Las mujeres por su parte, una vez más, han asumido veloz y eficazmente el cuidado de los niños y las labores domésticas, han duplicado o triplicado sus jornadas de trabajo, han comenzado a pagar ya los costos de no poder dedicarse como antes al trabajo que ejercen remuneradamente y, sin ir más lejos, han estado sometidas durante estos meses de cuarentena a índices de violencia de género muy superiores a los habituales. Es vital que la indignación y compasión que se ha expresado globalmente con relación a la realidad de las mujeres se traduzca en la creación de políticas públicas que morigeren los efectos negativos de la pandemia pero, más urgente aún, es desplegar un discurso muchísimo más exigente sobre la respuesta de las instituciones a la violencia sistémica que ellas padecen, en los diversos ámbitos en que despliegan sus vidas.

El desarrollo es también tecnológico

Por último, la pandemia nos ha obligado a mirar de frente la revolución digital en curso, nuestra forma de enseñar y de aprender está cambiando para siempre.

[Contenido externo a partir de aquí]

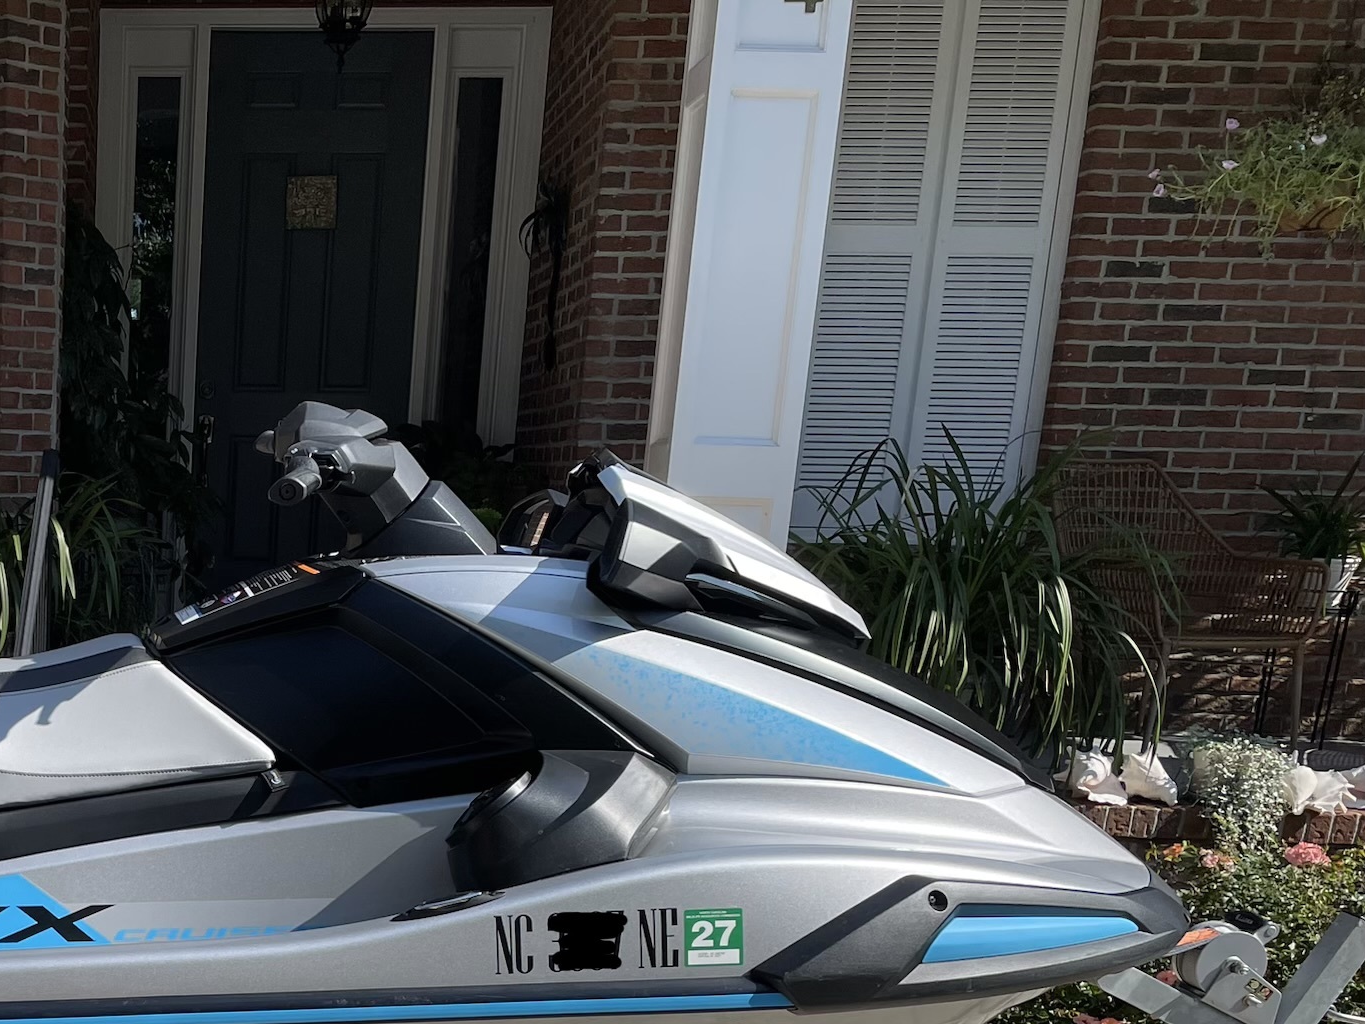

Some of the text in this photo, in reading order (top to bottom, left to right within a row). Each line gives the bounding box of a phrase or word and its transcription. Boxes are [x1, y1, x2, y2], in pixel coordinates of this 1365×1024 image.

[493, 913, 535, 975] NC
[637, 908, 679, 969] NE
[691, 919, 737, 948] 27

Todos aquellos que practicamos la docencia hemos debido familiarizarnos apresuradamente con plataformas, softwares y programas que antes, quizás, mirábamos desde lejos como artilugios de las nuevas generaciones. Debemos identificar las brechas digitales y trabajar para superarlas, la superación de estas brechas puede tener un impacto enorme en el acceso a la información, en la alfabetización, en la inclusión de las personas con discapacidad y, en definitiva, en la manera en que creamos y transmitimos el conocimiento.

Necesitamos reflexionar, nombrar y discernir esta revolución digital, para comprender lo que de ella nos ayuda y lo que no, para elegir libremente la gestión que de ella haremos, y para ponerla al servicio de todos, especialmente de quienes llevan mucho tiempo esperando los beneficios del desarrollo. Esta tarea debe ser llevada a cabo en paralelo con una alfabetización tecnológica pensada en función de los bienes humanos que queremos proteger, poniendo las preguntas adecuadas y fomentando siempre una mirada crítica.

Conclusión

En resumen, podemos imaginar un futuro que a partir de esta dura experiencia de la pandemia del Covid-19, y es posible que este momento sea una gran oportunidad para mirar nuestra historia y recuperar aquellas intuiciones fundamentales que como Continente hemos ido descubriendo sobre la justicia y el desarrollo. Podemos volver a preguntarnos sobre el significado de la solidaridad, y exigir/nos nuevos estándares de gobernanza, reconocimiento e inclusión.

Nuestras convicciones como cristianos latinoamericanos son una buena base para ser interlocutores vigentes, activos y fructíferos a la hora de responder a los nuevos dilemas que, como humanidad vamos descubriendo, especialmente en los casos que hemos mencionado.